Between my crazy school schedule and the weather, I am cranky (and also loony, but more about that later). Brian, being the super duper husband that he is, suggested a weekend getaway. He mentioned sunshine. He mentioned warmth. Bring it on!
So last week, he purchased two airplane tickets to Florida. Depart tomorrow. Return Monday. It's all I can squeeze in with my schedule, but it will do just fine. Keep in mind, that when we first moved to New York in 2006, we made fun of all the people who hightailed it to Florida in the winter. We thought they were meek to flee winter. This Colorado girl was not going to Florida, land of theme parks and strip malls.
I've changed my mind. I am ready for Florida now. I am sorry I made fun of you for fleeing the state. I get it. Let's go! Winters here are trying, and what is with all the ice!
So Brian and I are off to earn our New York street cred, if only for a weekend. And it turns out I need this getaway more than I thought I did. I am so sleep-deprived that not once, but twice this week on Sunday and Tuesday, I did the same stupid thing. I went to the grocery store. I had the list. I grabbed the cart. I perused the shelves. I filled the cart. I emptied the cart onto the belt at the cashier's station. I watched her ring up every single item. And when she finished, only then did I realize my wallet was in the car. Doing it once was bad enough, but I did it twice within 48 hours.

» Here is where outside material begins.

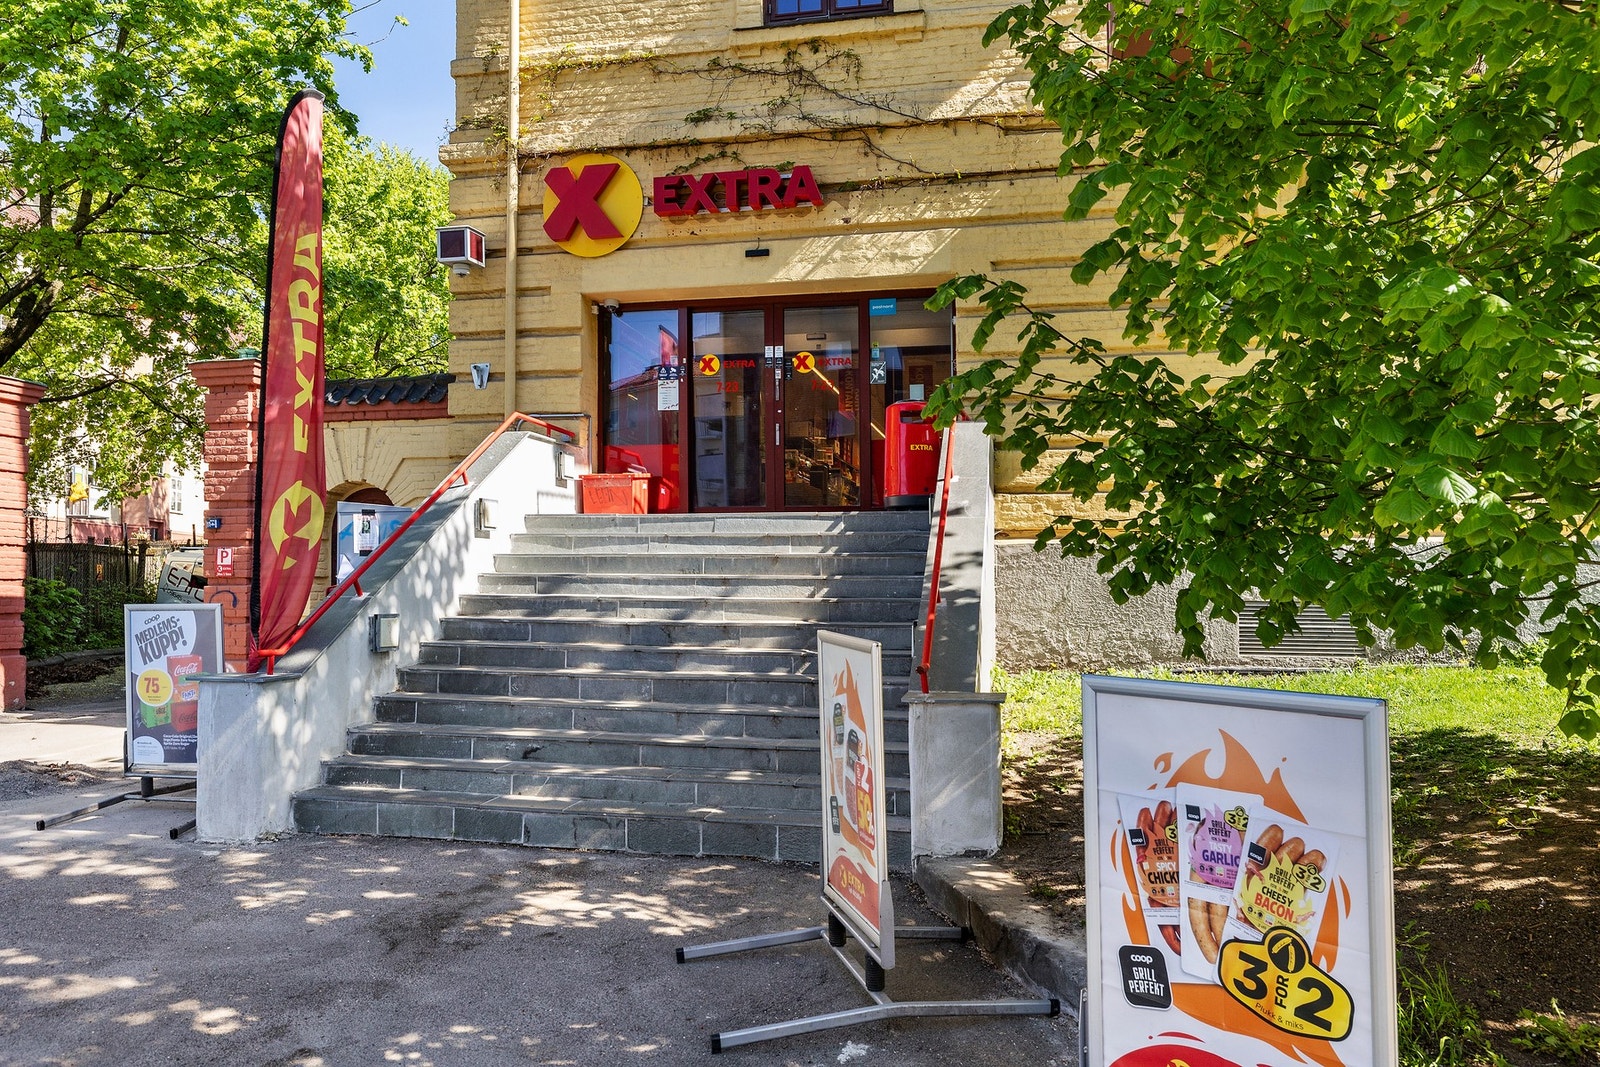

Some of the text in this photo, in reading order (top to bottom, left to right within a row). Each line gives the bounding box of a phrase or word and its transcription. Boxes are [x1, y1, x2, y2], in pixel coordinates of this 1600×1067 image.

Wednesday, I vowed not to repeat my mistake. I drove to the store. I put my wallet in my coat pocket and zipped the pocket so it would not fall out. This is hard to admit, and a bit sad as well, I swelled with pride at my preparation. Then I sat there in the car a bit longer than necessary, and do you know why? I could not remember why I was at the grocery store. I had no list on me. I could not even remember if there was stuff on the list posted on the fridge. I was forced to call Brian, "Sweetie, just remember when you purchased me all sales were final. You cannot take me back to the store, trade me in, or return me for a full refund." And that is when I asked him why I was at the store.
My failings at the grocery store this week only reinforce why we need this trip. It's icing on the cake that while we are away, it is supposed to snow!!!
I would like to leave you with this little "only in New York" nugget I overheard the other day, "Oh, yeah, I know the guys here wear way too much jewelry. My dad only wears his pinky rings on special occasions."